=== Source material ===
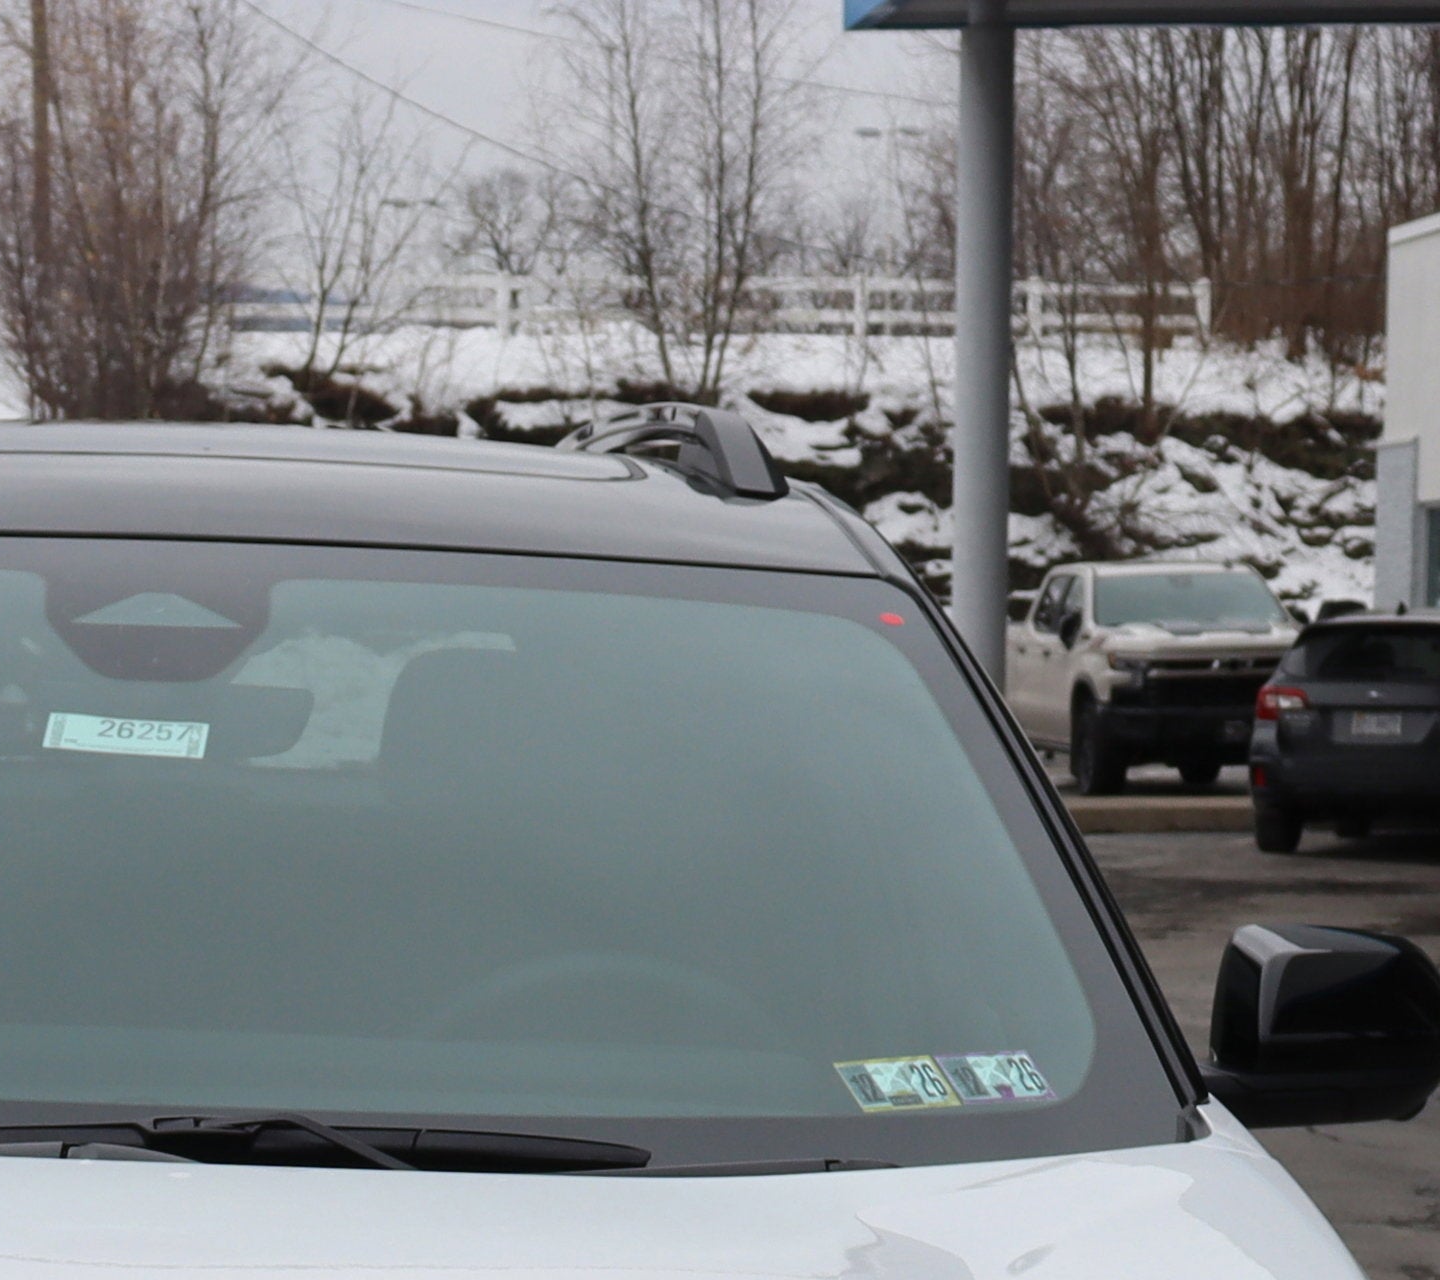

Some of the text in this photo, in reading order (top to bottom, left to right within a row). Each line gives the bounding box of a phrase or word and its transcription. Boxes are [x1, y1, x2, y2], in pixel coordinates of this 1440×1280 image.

[97, 719, 193, 742] 26257
[850, 1063, 948, 1103] 12 26
[953, 1057, 1045, 1097] 12 26
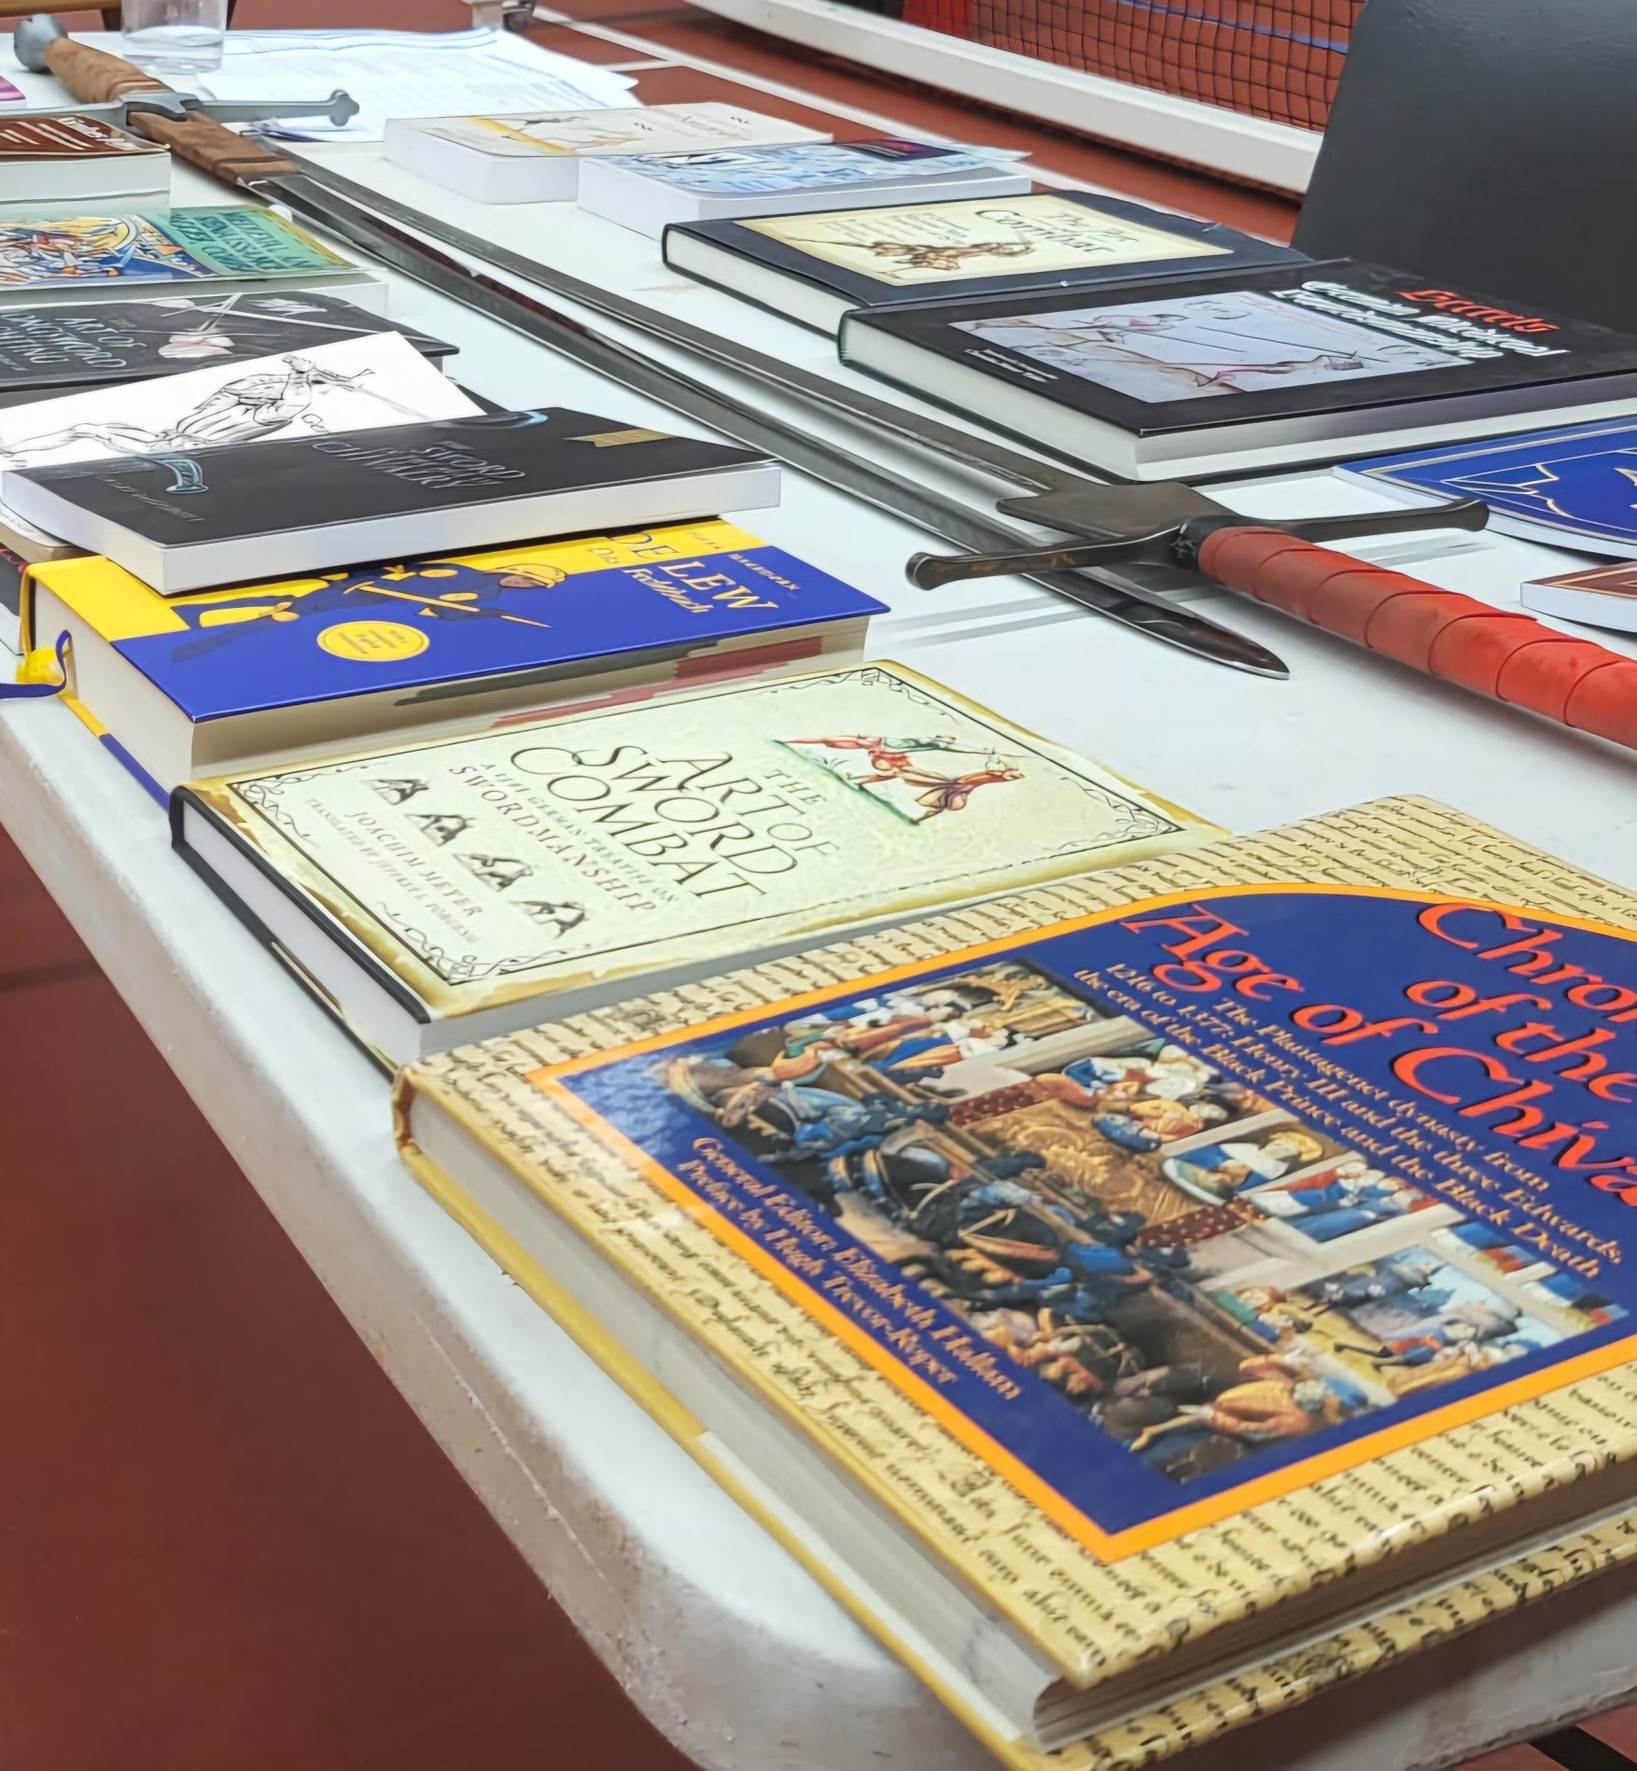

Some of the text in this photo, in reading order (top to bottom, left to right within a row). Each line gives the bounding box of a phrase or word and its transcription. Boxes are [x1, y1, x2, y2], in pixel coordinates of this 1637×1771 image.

[657, 560, 780, 609] LEW
[449, 765, 657, 911] SWORDMANSHIP
[510, 746, 768, 898] COMBAT
[572, 745, 798, 874] SWORD
[656, 750, 840, 856] ART OF
[764, 768, 827, 805] THE
[1120, 903, 1306, 1002] Age
[1292, 1004, 1439, 1046] of
[1406, 980, 1637, 1102] of the
[1074, 969, 1600, 1278] the era of the Black Prince and the Black Death
[1151, 991, 1177, 1006] to
[1230, 1035, 1308, 1079] Henry
[1341, 1100, 1398, 1128] and
[1390, 1126, 1433, 1151] the
[1433, 1151, 1501, 1190] three
[1213, 998, 1550, 1192] The Plantagenet dynasty from
[693, 1137, 778, 1198] General
[833, 1246, 936, 1330] Elizabeth
[931, 1324, 1023, 1400] Hallam
[764, 1228, 826, 1278] Hugh
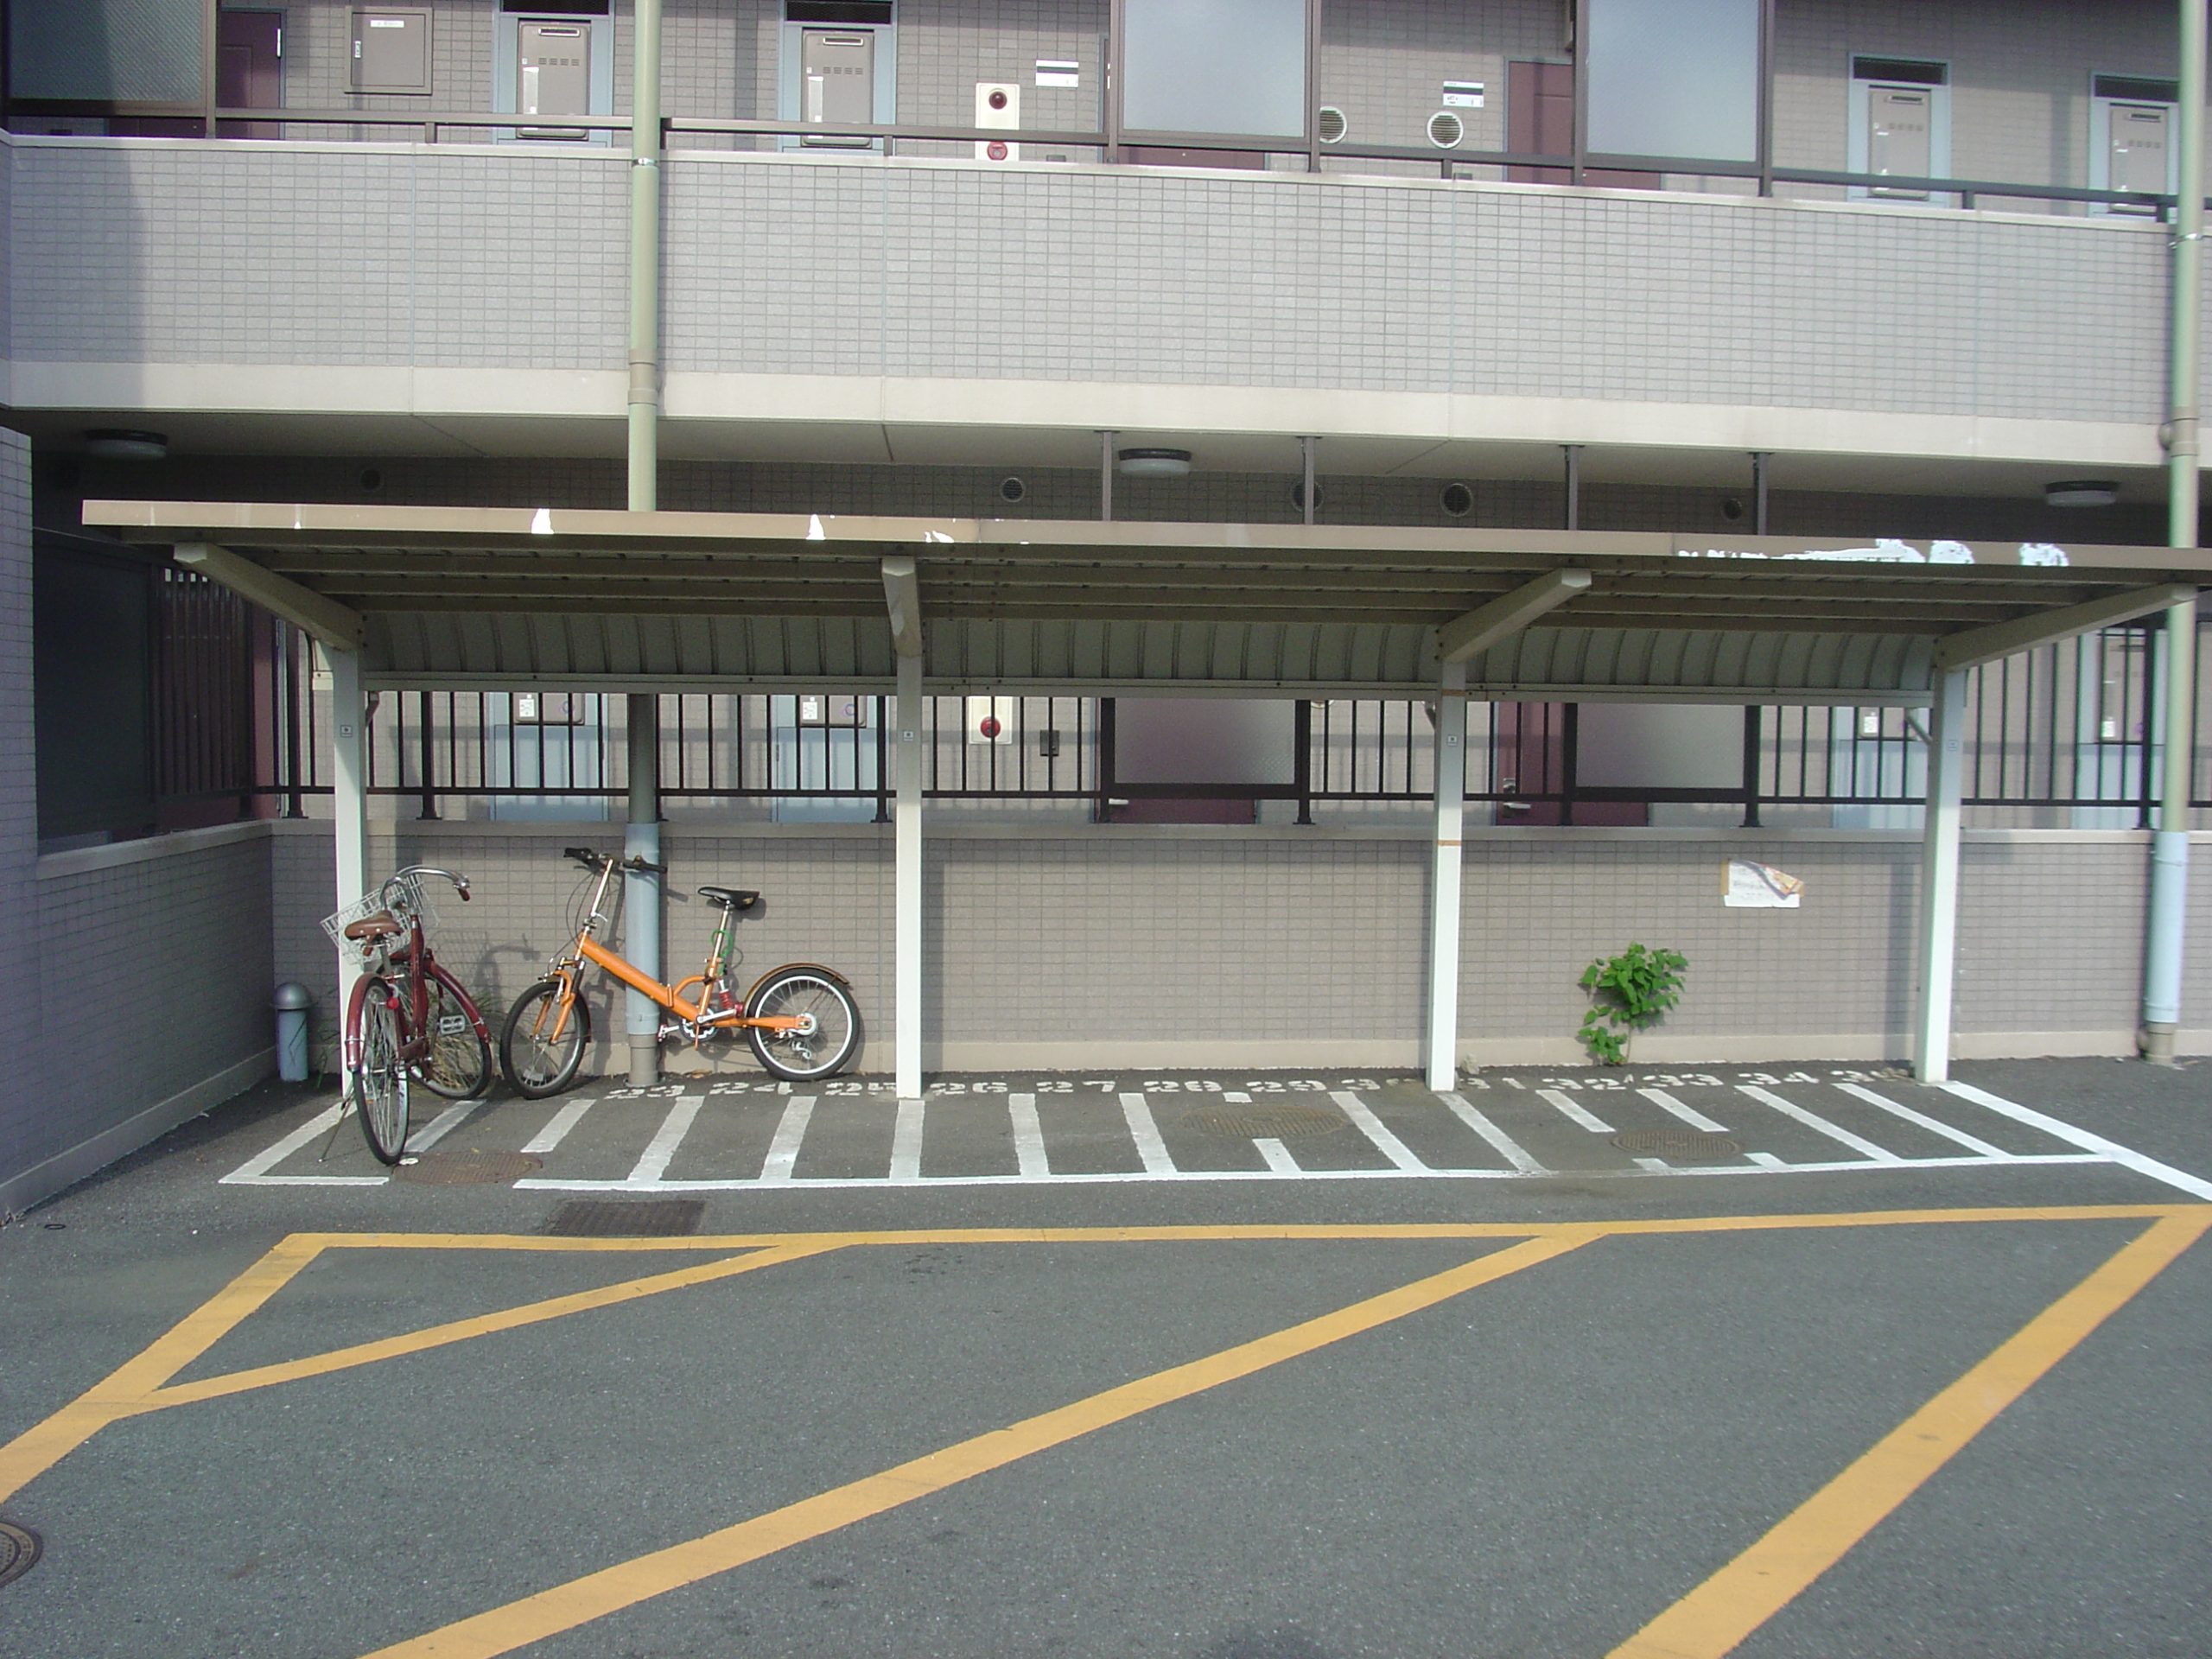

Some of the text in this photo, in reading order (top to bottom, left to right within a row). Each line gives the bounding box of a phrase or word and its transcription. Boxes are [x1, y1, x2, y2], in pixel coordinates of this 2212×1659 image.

[1643, 1073, 1724, 1087] 33
[1738, 1071, 1820, 1084] 34
[709, 1082, 793, 1095] 24
[930, 1082, 1008, 1096] 26
[1036, 1081, 1116, 1093] 27
[1143, 1081, 1223, 1093] 28
[1246, 1080, 1327, 1092] 29
[1542, 1078, 1627, 1090] 32
===
Each record above should come back exactly the same, only without its pictures.

Some of the text in this photo, in reading order (top to bottom, left to right within a row). Each line gives the bounding box of a phrase or word and its transcription. Boxes are [x1, y1, x2, y2], in pixel coordinates of this 1440×1280 image.

[97, 719, 193, 742] 26257
[850, 1063, 948, 1103] 12 26
[953, 1057, 1045, 1097] 12 26

Some of the text in this photo, in reading order (top to bottom, left to right within a row). Each line gives the bounding box of a phrase or word and its transcription. Boxes are [x1, y1, x2, y2], in pixel coordinates of this 1637×1771 image.

[657, 560, 780, 609] LEW
[449, 765, 657, 911] SWORDMANSHIP
[510, 746, 768, 898] COMBAT
[572, 745, 798, 874] SWORD
[656, 750, 840, 856] ART OF
[764, 768, 827, 805] THE
[1120, 903, 1306, 1002] Age
[1292, 1004, 1439, 1046] of
[1406, 980, 1637, 1102] of the
[1074, 969, 1600, 1278] the era of the Black Prince and the Black Death
[1151, 991, 1177, 1006] to
[1230, 1035, 1308, 1079] Henry
[1341, 1100, 1398, 1128] and
[1390, 1126, 1433, 1151] the
[1433, 1151, 1501, 1190] three
[1213, 998, 1550, 1192] The Plantagenet dynasty from
[693, 1137, 778, 1198] General
[833, 1246, 936, 1330] Elizabeth
[931, 1324, 1023, 1400] Hallam
[764, 1228, 826, 1278] Hugh

Some of the text in this photo, in reading order (top to bottom, left to right within a row). Each line gives the bounding box of a phrase or word and its transcription. Boxes are [x1, y1, x2, y2], in pixel coordinates of this 2212×1659 image.

[1643, 1073, 1724, 1087] 33
[1738, 1071, 1820, 1084] 34
[709, 1082, 793, 1095] 24
[930, 1082, 1008, 1096] 26
[1036, 1081, 1116, 1093] 27
[1143, 1081, 1223, 1093] 28
[1246, 1080, 1327, 1092] 29
[1542, 1078, 1627, 1090] 32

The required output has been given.